United Kingdom: Appeals from decisions by the Information Commissioner, which are handled by the First-Tier Tribunal (General Regulatory Chamber), are stayed for a period of 28 days as of 1 April 2020. Deadlines associated with those procedures are also extended. This stay has been extended until 27 May.
United Kingdom (Scotland): On 1 April 2020, Scotland passed the Coronavirus (Scotland) Act. The Act permitted time extensions for responding to requests (primarily extending 20 days to 60 days) and, under certain circumstances, permitted additional public authorities to make decisions on time extensions. It also allowed the Information Commissioner to determine that an authority who failed to provide information had not failed to comply with its obligations if the failure was a result of the impact of coronavirus and was reasonable in all the circumstances. The Act also allowed electronic notice. Scotland’s Information Commissioner subsequently launched a “COVID-19 and FOI” information hub which includes information on making requests during the pandemic and gives guidance to public authorities on the new legal provisions. UPDATE: On 20 May, Scotland’s Parliament amended the original Coronavirus (Scotland) Act, removing the time extensions for responding to requests and most other RTI provisions. The only components retained were the provision permitting electronic notice and the provision allowing the Information Commissioner to take account of the impact of coronavirus in deciding whether an authority had failed to meet RTI obligations. However, this second provision was also amended to require that the Commissioner, in assessing whether the failure was reasonable, must have regard for the “public interest”. Furthermore, the amendment imposes an additional requirement that the Scottish Ministers regularly report to Parliament on RTI for as long as the RTI provisions of the Coronavirus (Scotland) Act remain in force. The report must include specified information such as backlogs, number of requests responded to and subject to internal review, number of appeals, etc.

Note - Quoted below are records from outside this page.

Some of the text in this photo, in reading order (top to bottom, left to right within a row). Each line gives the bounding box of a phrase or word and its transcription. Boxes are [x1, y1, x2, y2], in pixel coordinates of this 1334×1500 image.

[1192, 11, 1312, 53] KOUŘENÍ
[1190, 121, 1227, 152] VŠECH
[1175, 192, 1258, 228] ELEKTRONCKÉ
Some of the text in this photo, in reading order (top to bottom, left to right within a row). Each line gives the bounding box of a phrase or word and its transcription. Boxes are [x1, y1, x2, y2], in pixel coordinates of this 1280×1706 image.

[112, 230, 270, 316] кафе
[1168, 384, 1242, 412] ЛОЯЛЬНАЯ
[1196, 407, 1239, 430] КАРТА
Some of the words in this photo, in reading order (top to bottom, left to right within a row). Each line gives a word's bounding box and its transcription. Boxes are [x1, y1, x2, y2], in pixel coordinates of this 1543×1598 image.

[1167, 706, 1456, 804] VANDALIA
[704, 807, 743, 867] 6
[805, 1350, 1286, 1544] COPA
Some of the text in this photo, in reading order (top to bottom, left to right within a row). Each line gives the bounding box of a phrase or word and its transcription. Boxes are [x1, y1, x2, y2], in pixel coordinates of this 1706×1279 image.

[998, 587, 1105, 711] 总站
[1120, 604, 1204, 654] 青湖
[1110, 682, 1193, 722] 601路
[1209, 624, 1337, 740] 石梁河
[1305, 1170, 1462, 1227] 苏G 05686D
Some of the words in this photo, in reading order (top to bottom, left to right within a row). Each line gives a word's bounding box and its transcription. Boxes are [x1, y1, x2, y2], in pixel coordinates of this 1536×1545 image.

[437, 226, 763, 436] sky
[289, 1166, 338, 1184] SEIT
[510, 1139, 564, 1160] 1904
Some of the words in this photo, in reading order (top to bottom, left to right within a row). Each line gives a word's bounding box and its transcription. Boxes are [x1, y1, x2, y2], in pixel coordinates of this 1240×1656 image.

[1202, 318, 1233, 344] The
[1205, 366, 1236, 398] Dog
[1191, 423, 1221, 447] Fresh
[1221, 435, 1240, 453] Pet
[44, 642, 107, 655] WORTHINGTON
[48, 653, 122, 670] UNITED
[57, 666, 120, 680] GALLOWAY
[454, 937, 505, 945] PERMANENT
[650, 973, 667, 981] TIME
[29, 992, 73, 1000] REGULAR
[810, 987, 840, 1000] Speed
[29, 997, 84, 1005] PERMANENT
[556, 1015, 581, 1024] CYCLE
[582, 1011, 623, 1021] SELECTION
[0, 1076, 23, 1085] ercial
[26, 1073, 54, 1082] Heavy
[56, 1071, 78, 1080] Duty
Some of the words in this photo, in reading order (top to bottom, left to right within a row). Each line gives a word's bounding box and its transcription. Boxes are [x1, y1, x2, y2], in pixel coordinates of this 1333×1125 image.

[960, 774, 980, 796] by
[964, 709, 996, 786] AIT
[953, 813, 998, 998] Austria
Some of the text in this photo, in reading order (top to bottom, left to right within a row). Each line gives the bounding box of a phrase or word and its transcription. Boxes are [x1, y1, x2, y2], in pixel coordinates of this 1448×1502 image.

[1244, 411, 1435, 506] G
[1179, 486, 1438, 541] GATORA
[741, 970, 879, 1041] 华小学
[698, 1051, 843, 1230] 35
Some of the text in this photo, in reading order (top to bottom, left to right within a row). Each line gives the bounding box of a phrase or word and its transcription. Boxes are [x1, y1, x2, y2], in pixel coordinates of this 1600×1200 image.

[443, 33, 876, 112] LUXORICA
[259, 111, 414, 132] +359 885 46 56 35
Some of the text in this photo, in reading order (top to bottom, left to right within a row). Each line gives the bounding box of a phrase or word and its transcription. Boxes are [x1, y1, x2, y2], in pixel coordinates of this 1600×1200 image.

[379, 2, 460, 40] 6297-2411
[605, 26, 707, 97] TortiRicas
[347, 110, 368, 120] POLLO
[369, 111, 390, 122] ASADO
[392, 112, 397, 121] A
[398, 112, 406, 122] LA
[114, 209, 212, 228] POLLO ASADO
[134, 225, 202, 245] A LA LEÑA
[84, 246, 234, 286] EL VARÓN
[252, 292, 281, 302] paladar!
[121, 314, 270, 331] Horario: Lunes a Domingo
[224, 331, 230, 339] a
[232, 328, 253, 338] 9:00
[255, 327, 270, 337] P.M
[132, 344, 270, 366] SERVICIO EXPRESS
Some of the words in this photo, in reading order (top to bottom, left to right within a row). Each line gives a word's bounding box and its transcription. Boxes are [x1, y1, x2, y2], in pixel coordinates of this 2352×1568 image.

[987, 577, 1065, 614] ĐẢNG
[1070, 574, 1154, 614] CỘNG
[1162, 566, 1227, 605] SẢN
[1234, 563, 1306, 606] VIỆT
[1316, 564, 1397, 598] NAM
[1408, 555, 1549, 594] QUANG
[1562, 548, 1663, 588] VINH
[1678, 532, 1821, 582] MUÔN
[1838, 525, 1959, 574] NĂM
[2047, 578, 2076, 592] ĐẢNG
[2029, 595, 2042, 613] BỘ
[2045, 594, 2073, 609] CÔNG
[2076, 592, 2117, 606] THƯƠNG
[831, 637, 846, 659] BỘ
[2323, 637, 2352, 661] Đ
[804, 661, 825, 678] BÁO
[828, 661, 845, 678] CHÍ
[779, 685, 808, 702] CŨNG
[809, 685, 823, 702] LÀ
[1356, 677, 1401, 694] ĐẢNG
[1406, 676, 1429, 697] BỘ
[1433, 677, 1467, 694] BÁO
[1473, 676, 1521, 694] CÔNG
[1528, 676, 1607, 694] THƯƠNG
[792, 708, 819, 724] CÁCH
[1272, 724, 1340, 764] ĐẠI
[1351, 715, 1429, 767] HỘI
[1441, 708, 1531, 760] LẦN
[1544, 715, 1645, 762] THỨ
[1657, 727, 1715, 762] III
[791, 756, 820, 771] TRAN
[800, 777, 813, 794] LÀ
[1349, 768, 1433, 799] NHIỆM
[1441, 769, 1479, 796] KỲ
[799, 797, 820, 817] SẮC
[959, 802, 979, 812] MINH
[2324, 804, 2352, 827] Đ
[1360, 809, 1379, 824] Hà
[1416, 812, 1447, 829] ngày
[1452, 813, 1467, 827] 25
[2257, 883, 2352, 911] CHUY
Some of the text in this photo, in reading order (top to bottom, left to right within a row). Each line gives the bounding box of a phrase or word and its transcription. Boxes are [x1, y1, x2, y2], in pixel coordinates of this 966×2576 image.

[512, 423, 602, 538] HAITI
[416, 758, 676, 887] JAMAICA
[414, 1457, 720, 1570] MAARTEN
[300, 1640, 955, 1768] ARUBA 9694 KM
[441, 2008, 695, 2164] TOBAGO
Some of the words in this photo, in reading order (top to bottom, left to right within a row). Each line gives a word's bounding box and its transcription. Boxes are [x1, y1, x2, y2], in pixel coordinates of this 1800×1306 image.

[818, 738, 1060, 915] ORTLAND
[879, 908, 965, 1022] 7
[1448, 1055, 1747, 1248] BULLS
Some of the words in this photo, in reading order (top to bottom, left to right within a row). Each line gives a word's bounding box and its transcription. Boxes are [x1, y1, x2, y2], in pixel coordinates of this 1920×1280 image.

Council of Europe: The Council of Europe has a 7 April 2020 “toolkit” for member States on “Respecting democracy, rule of law and human rights in the framework of the COVID-19 sanitary crisis”. Section 3.3 includes a discussion of freedom of expression and access to information. It stresses that the “public’s access to official information must be managed on the basis of the existing principles set down in the Court’s caselaw” (meaning the European Court of Human Rights). It notes that restrictions on access to official information “must be exceptional and proportionate to the aim of protecting public health” and cites to the Tromsø Convention on the importance of transparency by public authorities.
International Experts on Freedom of Expression: The United Nations Special Rapporteur on the promotion and protection of the right to freedom of opinion and expression, the OSCE Representative on Freedom of the Media and the IACHR Special Rapporteur for Freedom of Expression released a joint statement on the importance of access to information during the COVID-19 pandemic on 19 March 2020. The statement notes that “broad restrictions on access to the internet cannot be justified on public order or national security grounds” and urges “all governments to robustly implement their freedom of information laws to ensure that all individuals, especially journalists, have access to information.”